2. Mr. A. M. Joshi, learned Advocate appearing on behalf of the applicant-accused, has not contested the finding of the lower Court that the imputations made were defamatory. He has, however, contested the finding that the applicant was not entitled to the protection of Exception 8 to Section 499, Indian P.C. Further, he has contended that the accused was also entitled to the benefit of Exception 9. Now, Exception 9 to Section 499 provides that it is not defamation to make an imputation on the character of another, provided the imputation be made in good faith for the protection of the interest of the person making it, or for any other person, or for the public good. In the present case, the ingredient of public good is not available to the accused and that is not the case as urged by Mr. Joshi, whose contention was that the imputations were made for the protection of the interest of the accused who made them. This Exception relates to private communications which a person makes in good faith, for the protection of his own interests, etc. This Exception appears to be a mere reproduction of the guiding principle which was stated by Lord Campbeli, C.J., in Harrison v. Bush, (1855) 5 E & B 344, 348, namely; " A communication made bona fide upon any subject-matter in which the party communicating has an interest, or in reference to which he has a duty, is privileged, if made to a person having a corresponding interest or duty, although it contains criminatory matter which, without this privilege would be slanderous and actionable." The requirements of "good faith" and "public good" have both to be satisfied. Having regard to the admitted fact that the imputations did not relate to private communications and to public good, the Exception cannot be invoked in this case. But, even when and if the Exception is available in a case, the accused has necessarily to prove that he made them "in good faith."

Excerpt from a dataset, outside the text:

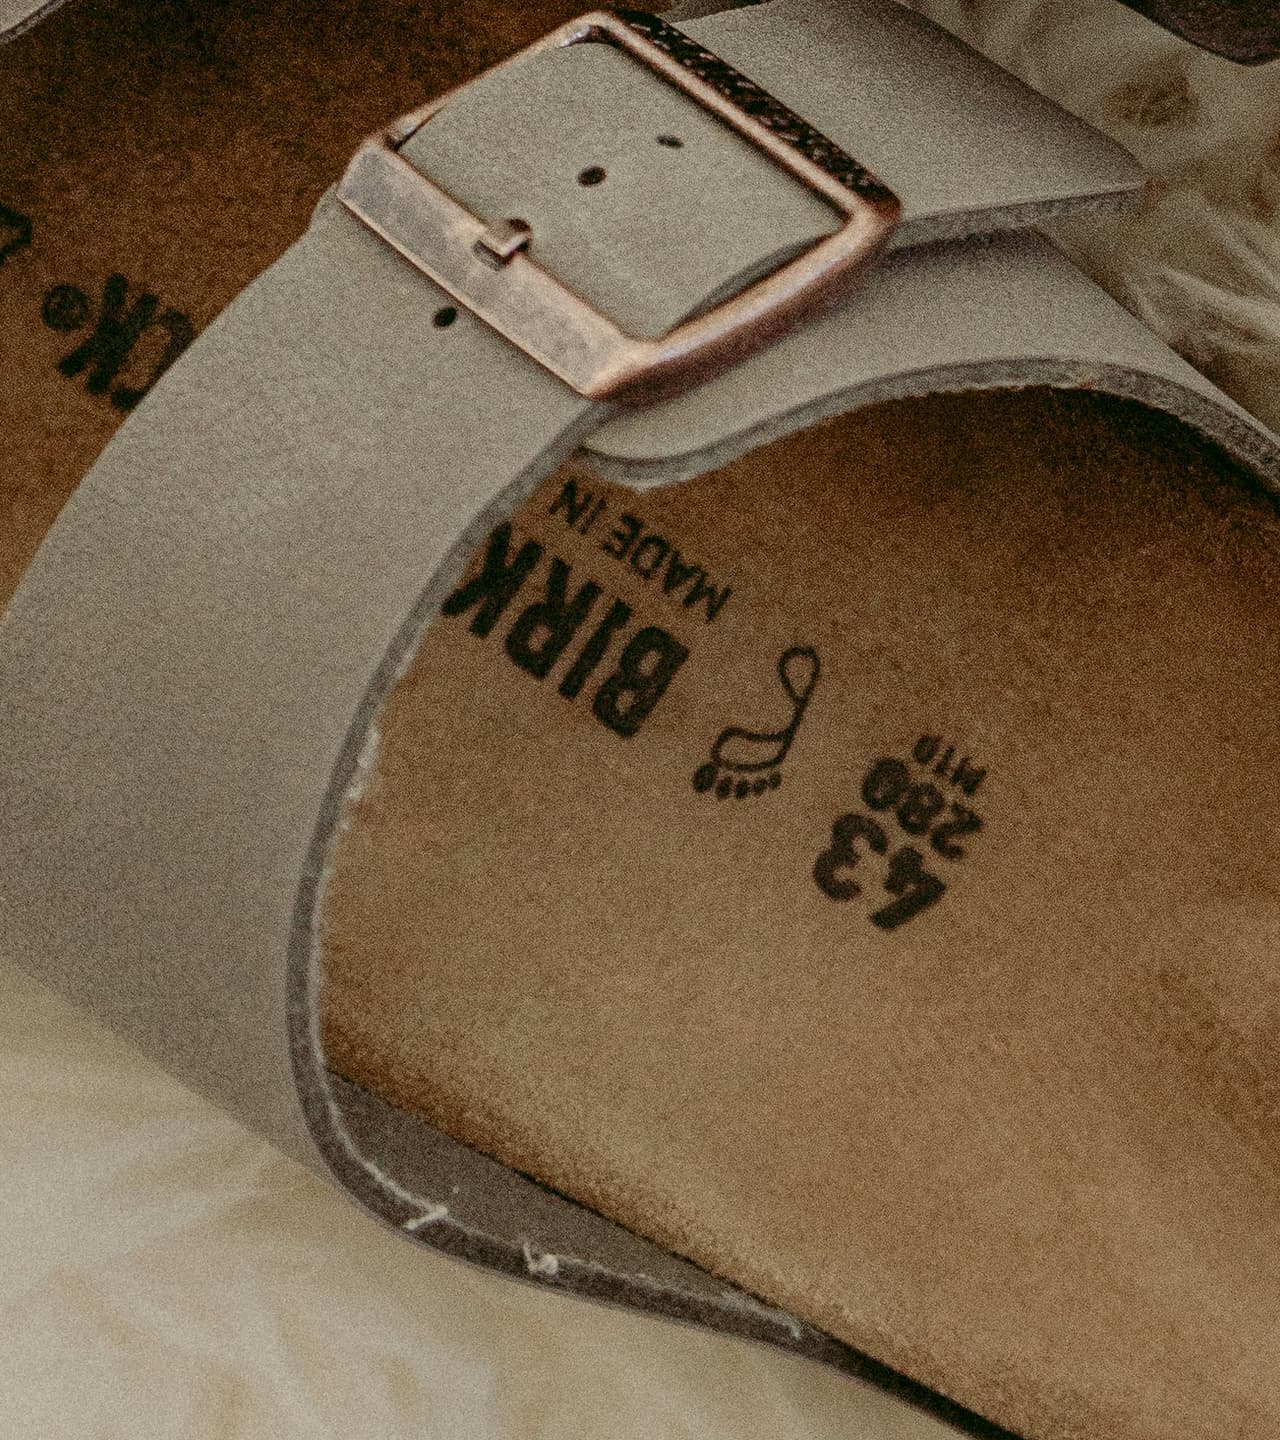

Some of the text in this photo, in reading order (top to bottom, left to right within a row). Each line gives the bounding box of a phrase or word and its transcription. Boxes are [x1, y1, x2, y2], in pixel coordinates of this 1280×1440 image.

3. Exception 8 to Section 499 provides that "it is not defamation to prefer in good faith an accusation against any person to any of those who have lawful authority over that person with respect to the subject-matter of accusation." To avail of the benefit of this Exception, the accused must prove that; (i) the accusations were made to a person in authority over the party accused, and (ii) the accusation must be preferred in good faith. This exception does not formulate, according to the decision of the Special Bench of the Calcutta High Court in Satish Chandra Chakravarti v. Ram Dayal De, ILR 48 Cal 388 = (AIR 1921 Cal 1 SB), which has been followed by the Full Bench of the Bombay High Court in Bai Shanta v. Umrao Amir Malik, 28 Bom LR 1 = (AIR 1926 Bom 141), any rule of absolute privilege. The accused must, therefore, show that the accusations were preferred in good faith. The expression "good faith" has been defined in Section 52 of Indian Penal Code. It provides that "Nothing is said to be done or believed in "good faith" which is done or believed without due care and attention." This is a negative definition, but it indicates that an act is said to be done in good faith when it is done with due care and attention. Indeed, it does not require logical infallibility. The plea of good faith may be negatived on the ground of recklessness indicative of want of due care and attention if the imputations in question, as in the instant case, have been made as categorical statements of facts. Apart from that there is no doubt that the accused must substantiate his plea of good faith to be entitled to the protection of the Exception. Of course, the degree or proof that is to be offered by the accused for the purpose is not the same as is expected of the prosecution which is required to prove its case, beyond reasonable doubt, but is as in civil proceedings. In Harbhajan Singh v. State of Punjab, AIR 1966 SC 97, Gajendragadkar, C.J., speaking for the Court has in this connection observed at p. 101:
".. there is consensus of judicial opinion in favour of the view that where the burden of an issue lies upon the accused, he is not required to discharge that burden by leading evidence to pove his case beyond a reasonable doubt. That, no doubt, is the test prescribed while deciding whether the prosecution has discharged its onus to prove the guilt of the accused; but that is not a test which can be applied to an accused person who seeks to prove substantially his claim that his case falls under an Exception. Where an accused person is called upon to prove that his case falls under an Exception, law treats the onus as discharged if the accused person succeeds "in proving a preponderance of probability." As soon as the preponderance of probability is proved the burden shifts to the prosecution which has still is discharge its original onus. It must be remembered that basically, the original onus never shifts and the prosecution has, at all stages of the case, to prove the guilt of the accused beyond a reasonable doubt. . . . . . . ."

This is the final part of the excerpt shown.